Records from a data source
=-=-=-=-=

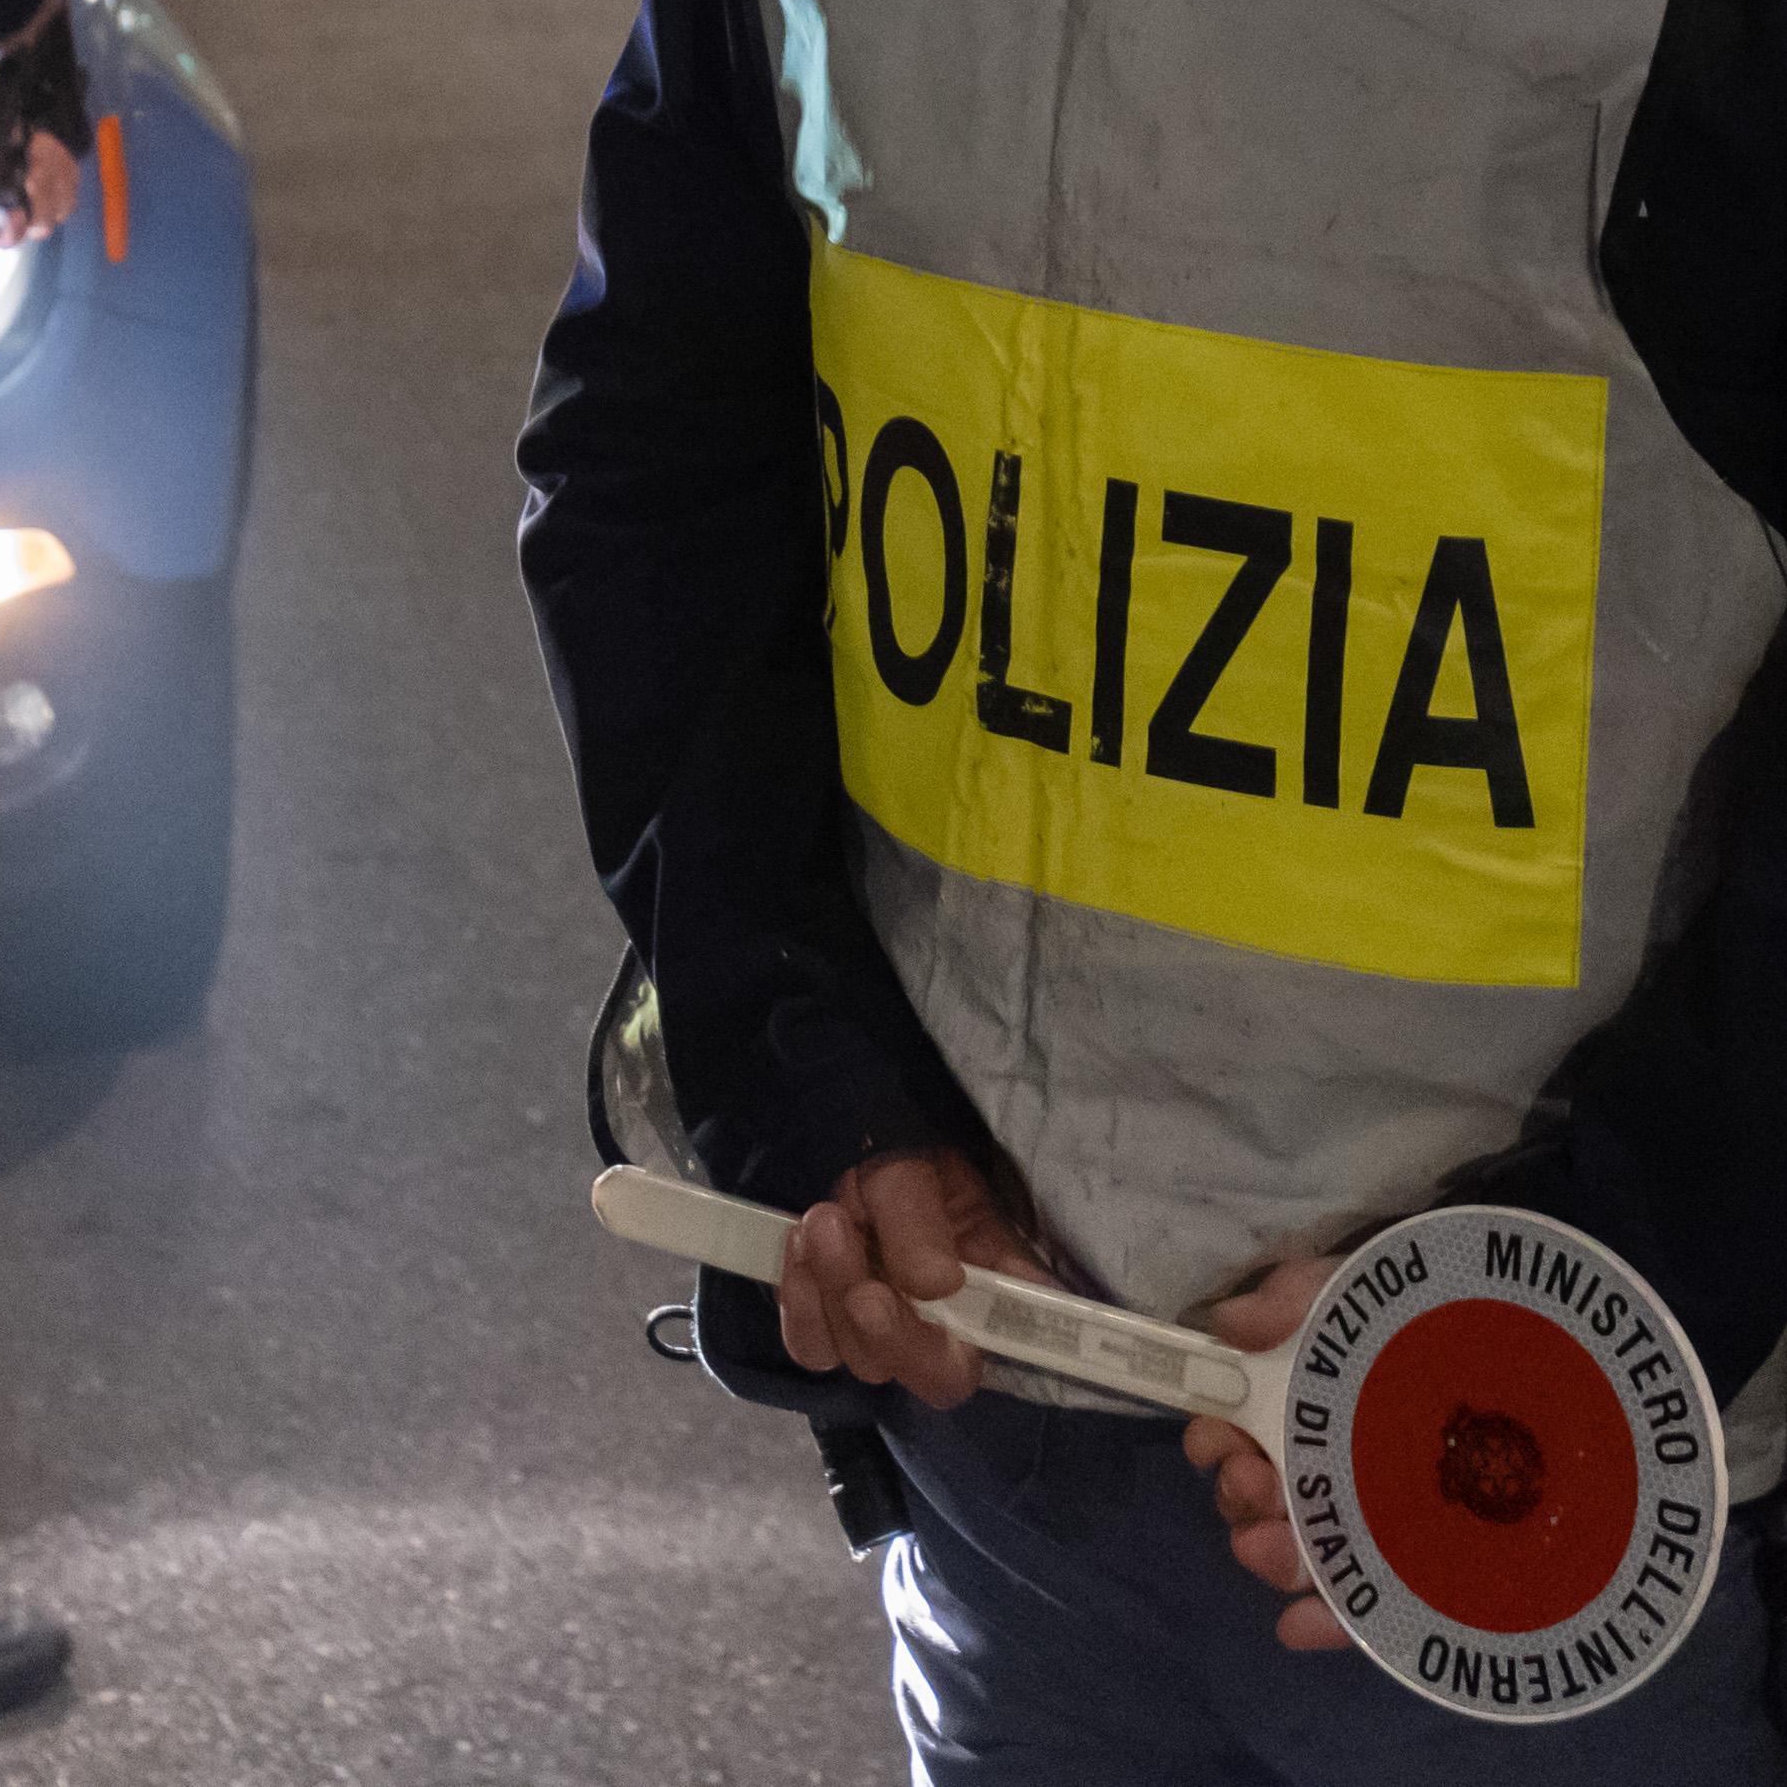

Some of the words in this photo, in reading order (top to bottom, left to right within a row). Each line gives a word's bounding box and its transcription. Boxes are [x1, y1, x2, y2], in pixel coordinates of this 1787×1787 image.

[814, 370, 1536, 829] POLIZIA
[1304, 1239, 1431, 1381] POLIZIA
[1484, 1229, 1700, 1468] MINISTERO
[1292, 1403, 1330, 1449] DI
[1296, 1472, 1380, 1621] STATO
[1417, 1500, 1702, 1705] DELL'INTERNO
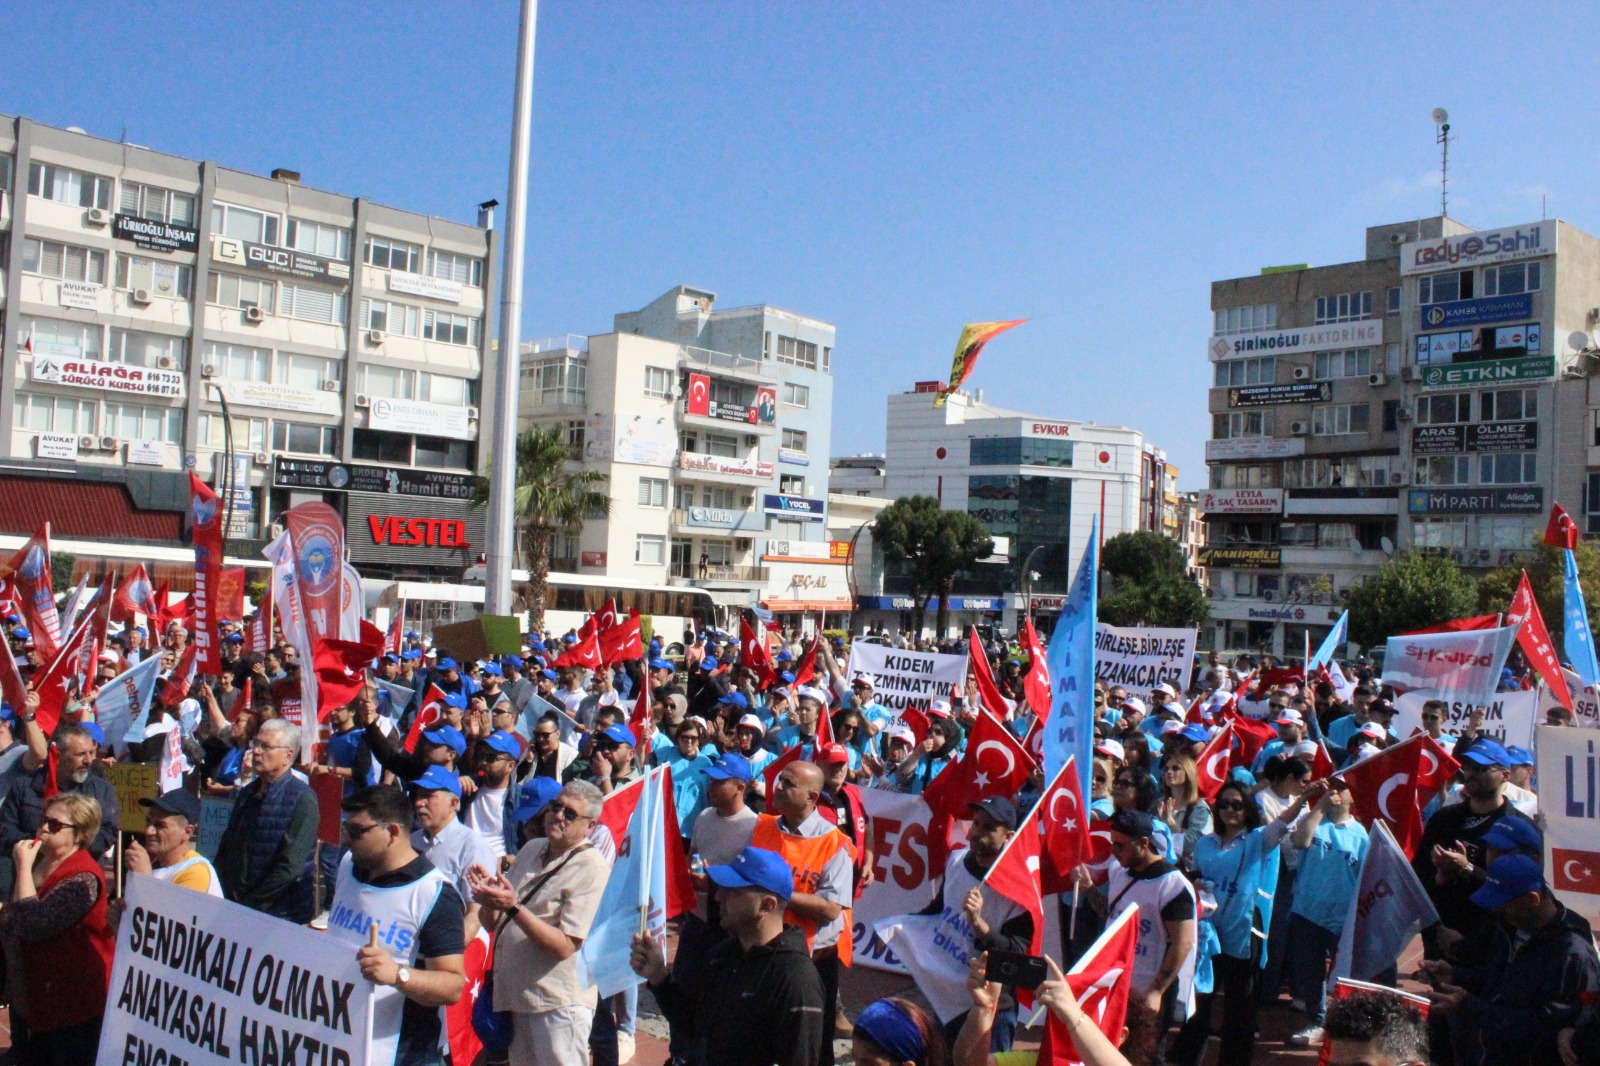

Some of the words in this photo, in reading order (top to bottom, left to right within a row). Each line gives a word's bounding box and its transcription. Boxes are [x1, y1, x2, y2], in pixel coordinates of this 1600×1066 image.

[165, 224, 196, 242] İNŞAAT
[1485, 226, 1541, 255] Sahil
[249, 246, 288, 266] GÜÇ
[63, 282, 97, 293] AVUKAT
[1234, 333, 1300, 355] ŞİRİNOĞLU
[1302, 326, 1375, 346] FAKTORİNG
[62, 362, 143, 381] ALİAĞA
[147, 372, 160, 382] 616
[162, 374, 171, 383] 73
[172, 375, 180, 384] 33
[1446, 362, 1516, 382] ETKİN
[61, 374, 105, 386] SÜRÜCÜ
[108, 380, 144, 392] KURSU
[412, 407, 438, 417] ORHAN
[1032, 423, 1070, 436] EVKUR
[1420, 428, 1456, 436] ARAS
[1477, 424, 1526, 434] ÖLMEZ
[352, 468, 383, 478] ERDEM
[425, 474, 464, 484] AVUKAT
[401, 481, 440, 495] Hamit
[1218, 499, 1234, 507] SAÇ
[1430, 494, 1447, 509] İYİ
[1450, 494, 1494, 509] PARTİ
[1506, 493, 1535, 502] Aliağa
[788, 500, 811, 510] YÜCEL
[704, 510, 732, 523] Milda
[368, 515, 466, 547] VESTEL
[1031, 598, 1062, 608] EVKUR
[884, 655, 934, 674] KIDEM
[1095, 660, 1182, 686] AZANACAĞIZ
[130, 906, 252, 997] SENDİKALI
[252, 954, 354, 1036] OLMAK
[118, 965, 230, 1060] ANAYASAL
[240, 1014, 351, 1066] HAKTIR
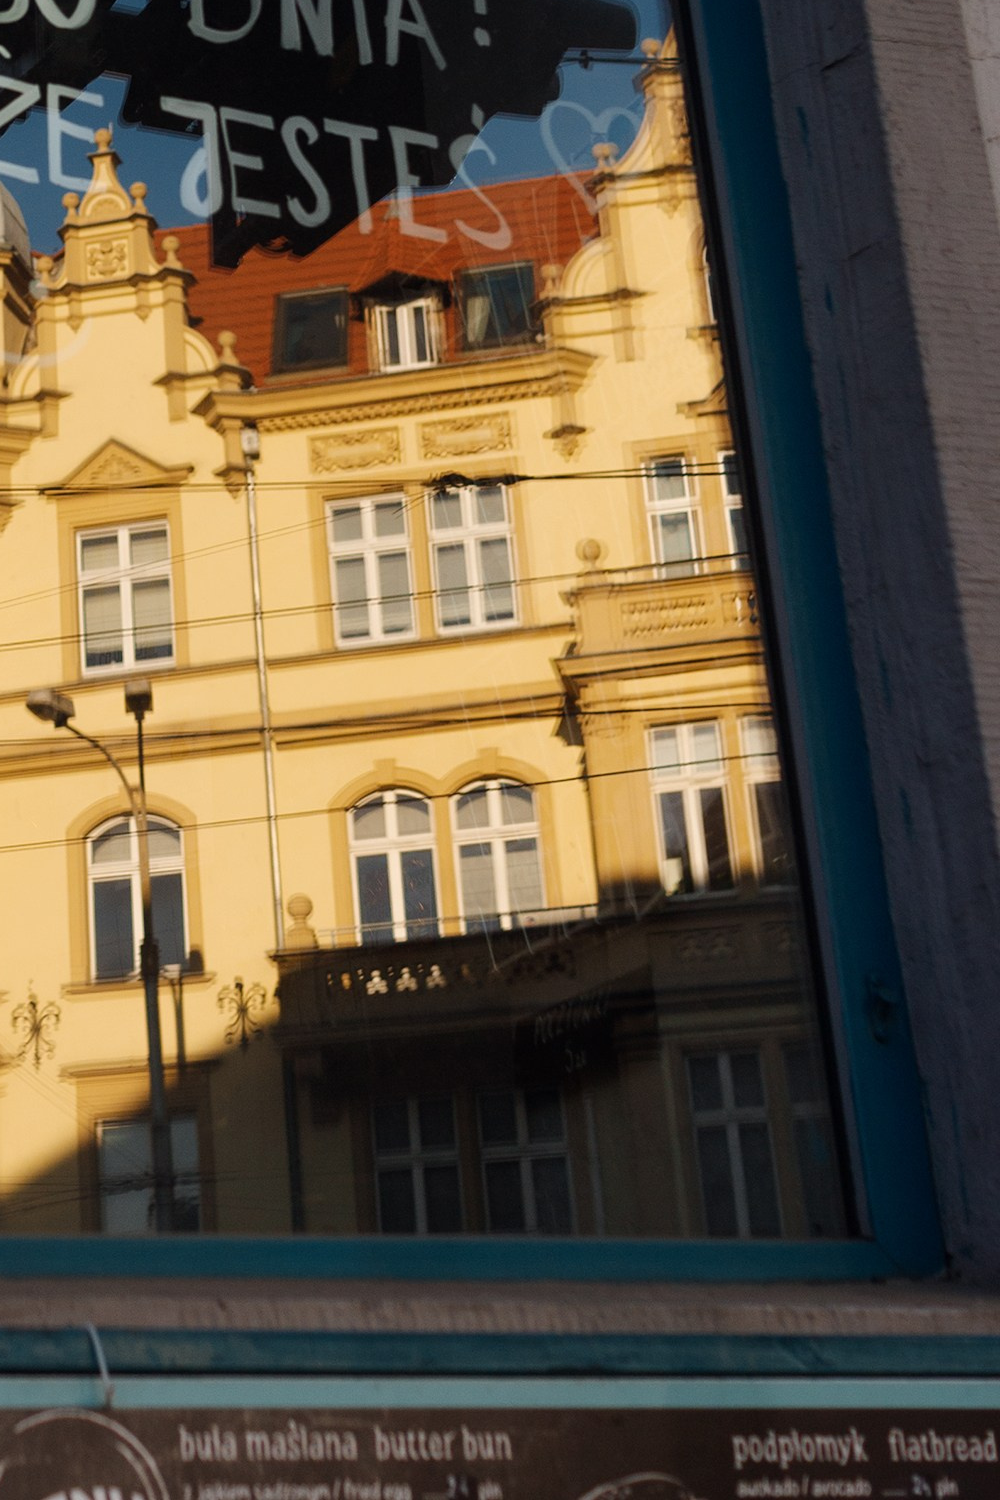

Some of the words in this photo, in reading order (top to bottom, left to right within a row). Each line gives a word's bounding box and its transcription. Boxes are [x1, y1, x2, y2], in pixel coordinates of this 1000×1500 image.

=-=-=-=-=

[YOUR TASK] Omit the pictures. Repeat the rest of the data exactly.

[REPLY]
Some of the words in this photo, in reading order (top to bottom, left to right within a row). Each line gives a word's bounding box and its transcription. Boxes are [x1, y1, x2, y2], in pixel coordinates of this 1787×1787 image.

[814, 370, 1536, 829] POLIZIA
[1304, 1239, 1431, 1381] POLIZIA
[1484, 1229, 1700, 1468] MINISTERO
[1292, 1403, 1330, 1449] DI
[1296, 1472, 1380, 1621] STATO
[1417, 1500, 1702, 1705] DELL'INTERNO

Some of the words in this photo, in reading order (top to bottom, left to right within a row). Each line gives a word's bounding box and its transcription. Boxes are [x1, y1, x2, y2], in pixel coordinates of this 1600×1066 image.

[165, 224, 196, 242] İNŞAAT
[1485, 226, 1541, 255] Sahil
[249, 246, 288, 266] GÜÇ
[63, 282, 97, 293] AVUKAT
[1234, 333, 1300, 355] ŞİRİNOĞLU
[1302, 326, 1375, 346] FAKTORİNG
[62, 362, 143, 381] ALİAĞA
[147, 372, 160, 382] 616
[162, 374, 171, 383] 73
[172, 375, 180, 384] 33
[1446, 362, 1516, 382] ETKİN
[61, 374, 105, 386] SÜRÜCÜ
[108, 380, 144, 392] KURSU
[412, 407, 438, 417] ORHAN
[1032, 423, 1070, 436] EVKUR
[1420, 428, 1456, 436] ARAS
[1477, 424, 1526, 434] ÖLMEZ
[352, 468, 383, 478] ERDEM
[425, 474, 464, 484] AVUKAT
[401, 481, 440, 495] Hamit
[1218, 499, 1234, 507] SAÇ
[1430, 494, 1447, 509] İYİ
[1450, 494, 1494, 509] PARTİ
[1506, 493, 1535, 502] Aliağa
[788, 500, 811, 510] YÜCEL
[704, 510, 732, 523] Milda
[368, 515, 466, 547] VESTEL
[1031, 598, 1062, 608] EVKUR
[884, 655, 934, 674] KIDEM
[1095, 660, 1182, 686] AZANACAĞIZ
[130, 906, 252, 997] SENDİKALI
[252, 954, 354, 1036] OLMAK
[118, 965, 230, 1060] ANAYASAL
[240, 1014, 351, 1066] HAKTIR

Some of the words in this photo, in reading order (top to bottom, left to right within a row). Each line gives a word's bounding box and its transcription. Boxes are [x1, y1, x2, y2], in pixel coordinates of this 1000×1500 image.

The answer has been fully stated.